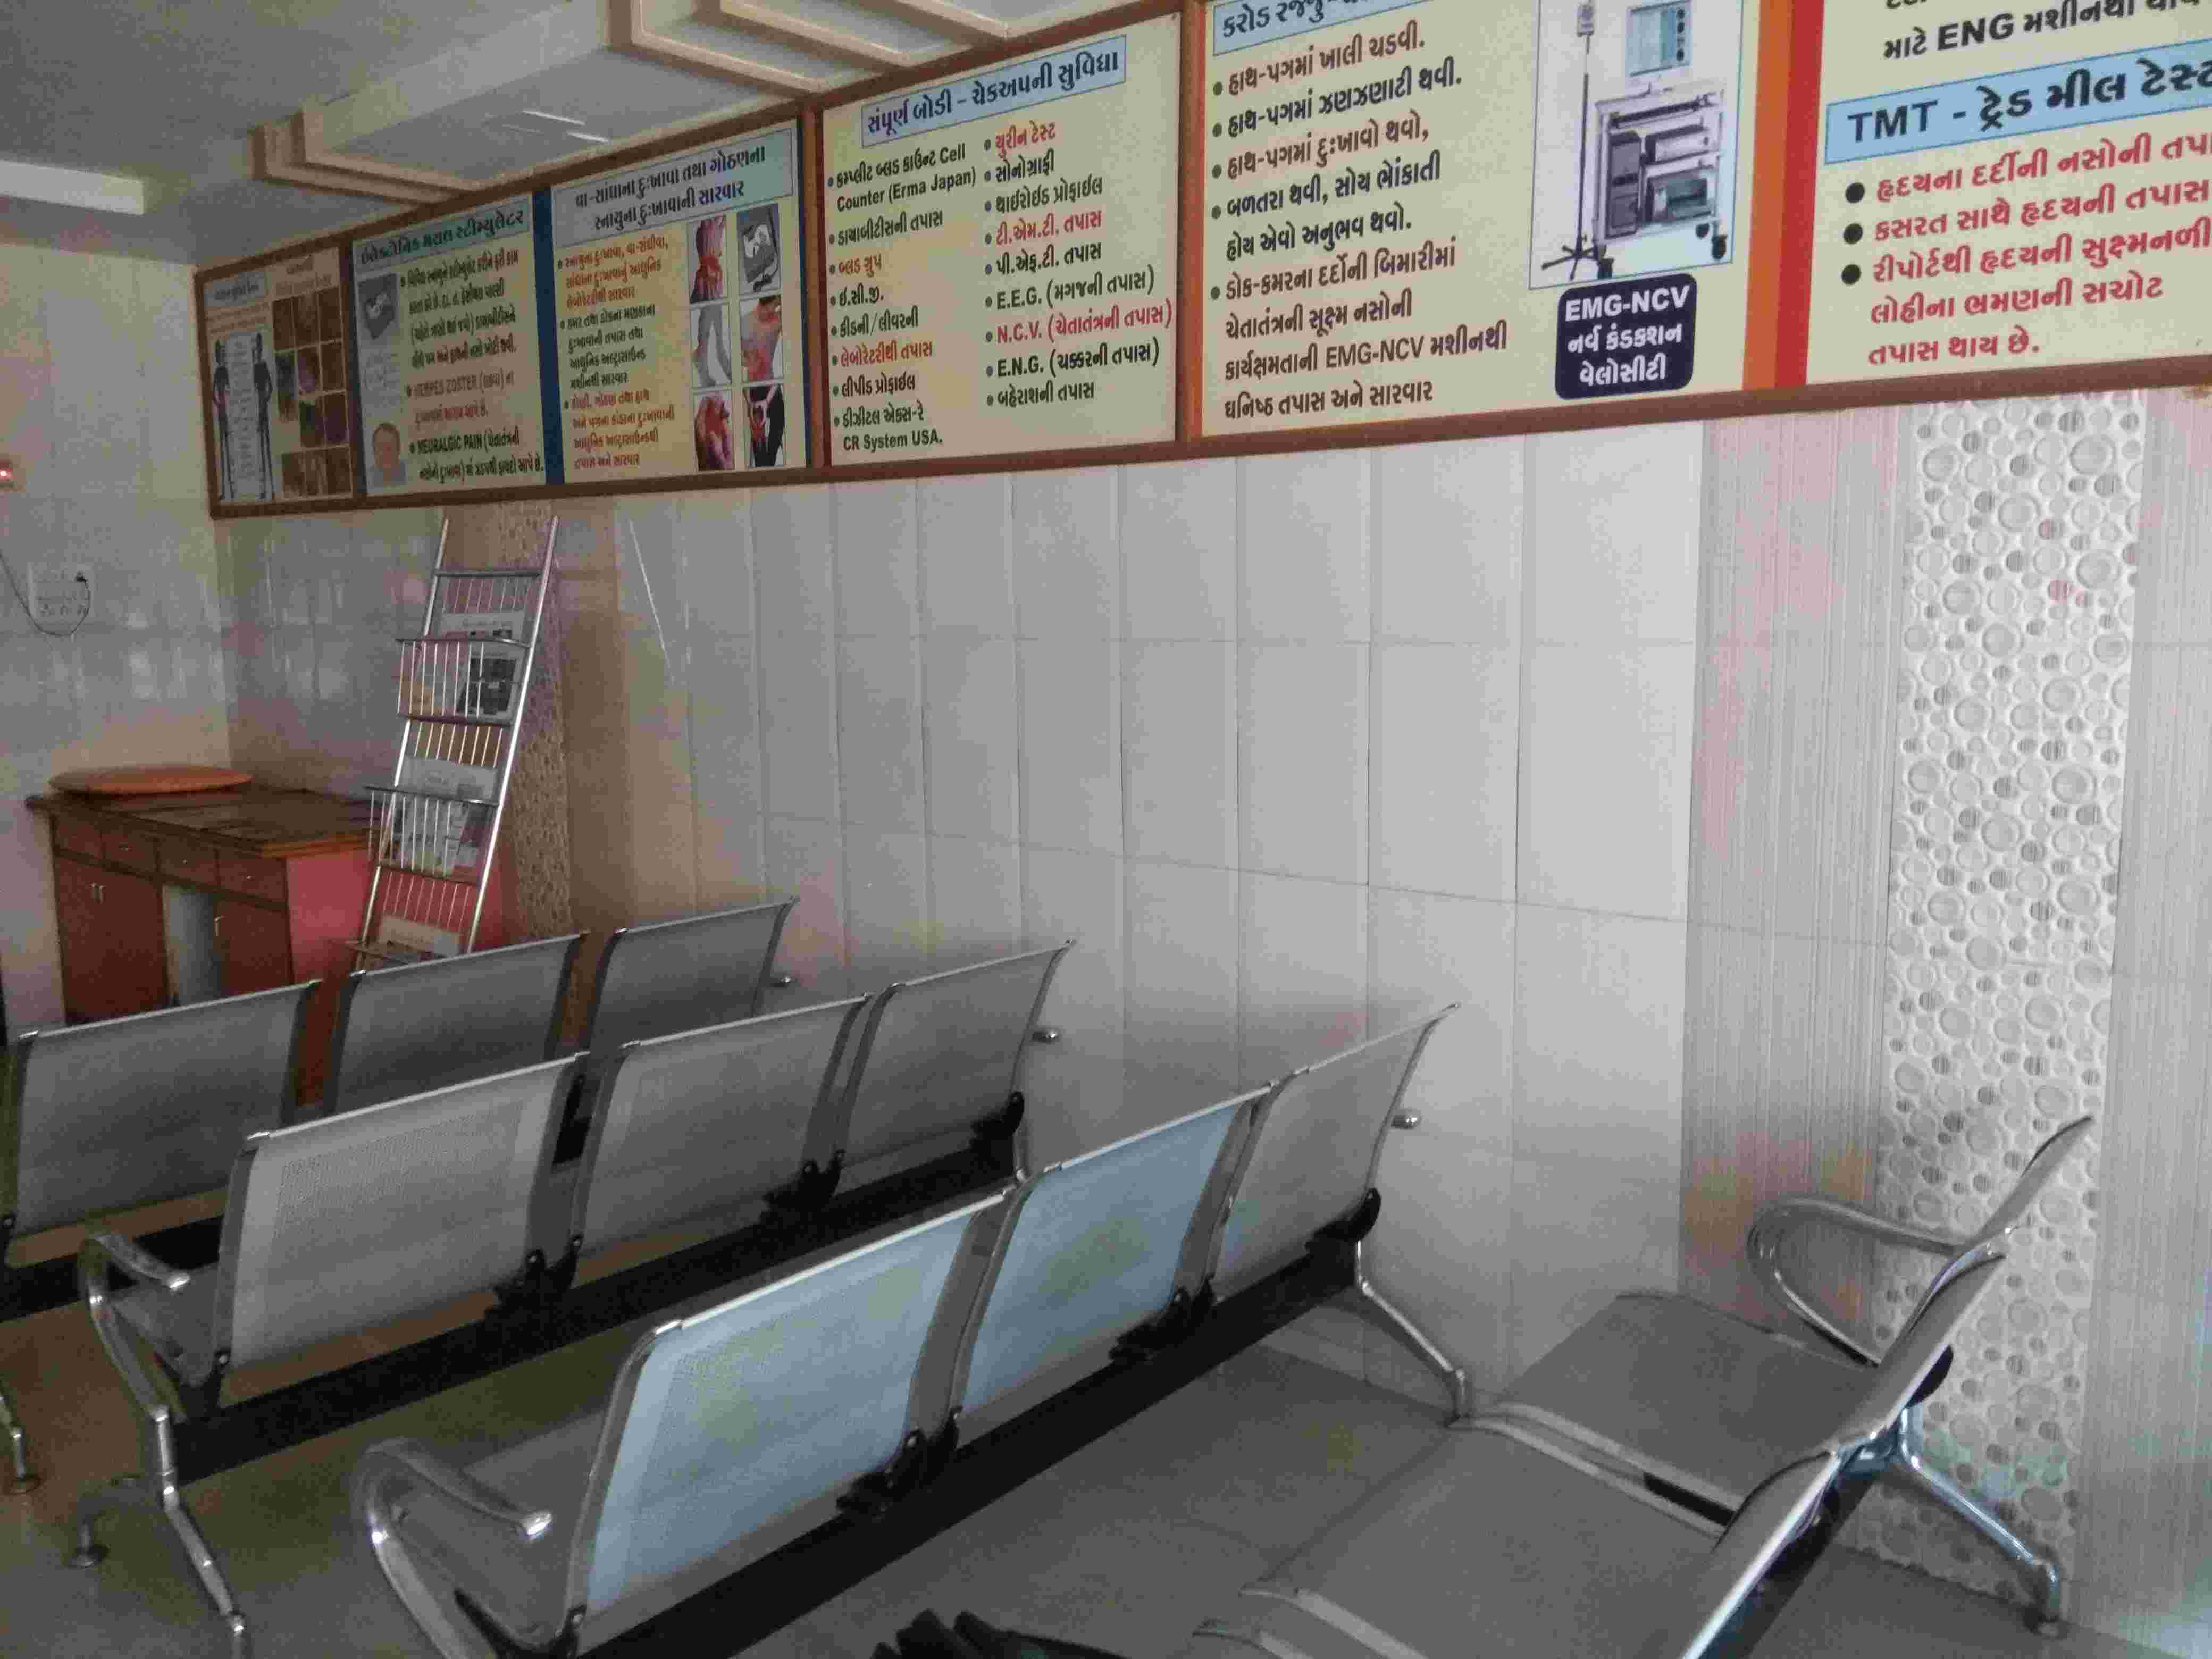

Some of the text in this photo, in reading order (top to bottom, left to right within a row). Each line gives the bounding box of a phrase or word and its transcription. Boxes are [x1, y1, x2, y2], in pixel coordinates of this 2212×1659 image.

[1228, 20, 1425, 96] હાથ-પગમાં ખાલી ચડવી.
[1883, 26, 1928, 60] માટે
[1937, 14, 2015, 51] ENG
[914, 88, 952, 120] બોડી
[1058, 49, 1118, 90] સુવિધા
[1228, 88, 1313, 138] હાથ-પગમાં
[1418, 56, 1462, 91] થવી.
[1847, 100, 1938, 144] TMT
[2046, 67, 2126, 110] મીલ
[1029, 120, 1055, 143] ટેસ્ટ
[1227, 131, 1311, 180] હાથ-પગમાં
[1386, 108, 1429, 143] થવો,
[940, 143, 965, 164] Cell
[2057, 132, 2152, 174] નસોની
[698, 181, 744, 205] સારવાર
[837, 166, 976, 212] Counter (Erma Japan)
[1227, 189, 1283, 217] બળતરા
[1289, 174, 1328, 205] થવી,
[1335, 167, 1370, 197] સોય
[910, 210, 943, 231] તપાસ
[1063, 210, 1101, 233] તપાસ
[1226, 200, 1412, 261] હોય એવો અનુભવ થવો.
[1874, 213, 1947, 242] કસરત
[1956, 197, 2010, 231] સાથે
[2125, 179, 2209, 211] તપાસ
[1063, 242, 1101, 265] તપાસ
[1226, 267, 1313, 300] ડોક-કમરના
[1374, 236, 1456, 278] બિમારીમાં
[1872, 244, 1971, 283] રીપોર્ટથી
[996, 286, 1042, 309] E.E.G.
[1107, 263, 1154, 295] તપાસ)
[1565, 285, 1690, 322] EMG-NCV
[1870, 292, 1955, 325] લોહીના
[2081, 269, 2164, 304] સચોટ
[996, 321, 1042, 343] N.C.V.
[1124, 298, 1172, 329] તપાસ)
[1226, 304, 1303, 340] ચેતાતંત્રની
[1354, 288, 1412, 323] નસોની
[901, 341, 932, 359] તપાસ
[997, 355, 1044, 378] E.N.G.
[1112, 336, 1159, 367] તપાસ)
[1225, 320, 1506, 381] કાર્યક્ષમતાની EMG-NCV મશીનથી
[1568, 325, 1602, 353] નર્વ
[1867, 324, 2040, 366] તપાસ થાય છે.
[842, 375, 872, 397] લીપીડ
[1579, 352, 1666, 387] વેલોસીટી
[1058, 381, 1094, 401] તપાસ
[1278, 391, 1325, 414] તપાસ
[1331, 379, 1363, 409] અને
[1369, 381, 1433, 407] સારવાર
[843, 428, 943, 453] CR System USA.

━━━━━━━━━━━━━━━━

=== What you need to do ===
Pictures appear in the records above. Output everything except them, exactly.

=== Exercise result ===
Some of the text in this photo, in reading order (top to bottom, left to right within a row). Each line gives the bounding box of a phrase or word and its transcription. Boxes are [x1, y1, x2, y2], in pixel coordinates of this 2212×1659 image.

[1228, 20, 1425, 96] હાથ-પગમાં ખાલી ચડવી.
[1883, 26, 1928, 60] માટે
[1937, 14, 2015, 51] ENG
[914, 88, 952, 120] બોડી
[1058, 49, 1118, 90] સુવિધા
[1228, 88, 1313, 138] હાથ-પગમાં
[1418, 56, 1462, 91] થવી.
[1847, 100, 1938, 144] TMT
[2046, 67, 2126, 110] મીલ
[1029, 120, 1055, 143] ટેસ્ટ
[1227, 131, 1311, 180] હાથ-પગમાં
[1386, 108, 1429, 143] થવો,
[940, 143, 965, 164] Cell
[2057, 132, 2152, 174] નસોની
[698, 181, 744, 205] સારવાર
[837, 166, 976, 212] Counter (Erma Japan)
[1227, 189, 1283, 217] બળતરા
[1289, 174, 1328, 205] થવી,
[1335, 167, 1370, 197] સોય
[910, 210, 943, 231] તપાસ
[1063, 210, 1101, 233] તપાસ
[1226, 200, 1412, 261] હોય એવો અનુભવ થવો.
[1874, 213, 1947, 242] કસરત
[1956, 197, 2010, 231] સાથે
[2125, 179, 2209, 211] તપાસ
[1063, 242, 1101, 265] તપાસ
[1226, 267, 1313, 300] ડોક-કમરના
[1374, 236, 1456, 278] બિમારીમાં
[1872, 244, 1971, 283] રીપોર્ટથી
[996, 286, 1042, 309] E.E.G.
[1107, 263, 1154, 295] તપાસ)
[1565, 285, 1690, 322] EMG-NCV
[1870, 292, 1955, 325] લોહીના
[2081, 269, 2164, 304] સચોટ
[996, 321, 1042, 343] N.C.V.
[1124, 298, 1172, 329] તપાસ)
[1226, 304, 1303, 340] ચેતાતંત્રની
[1354, 288, 1412, 323] નસોની
[901, 341, 932, 359] તપાસ
[997, 355, 1044, 378] E.N.G.
[1112, 336, 1159, 367] તપાસ)
[1225, 320, 1506, 381] કાર્યક્ષમતાની EMG-NCV મશીનથી
[1568, 325, 1602, 353] નર્વ
[1867, 324, 2040, 366] તપાસ થાય છે.
[842, 375, 872, 397] લીપીડ
[1579, 352, 1666, 387] વેલોસીટી
[1058, 381, 1094, 401] તપાસ
[1278, 391, 1325, 414] તપાસ
[1331, 379, 1363, 409] અને
[1369, 381, 1433, 407] સારવાર
[843, 428, 943, 453] CR System USA.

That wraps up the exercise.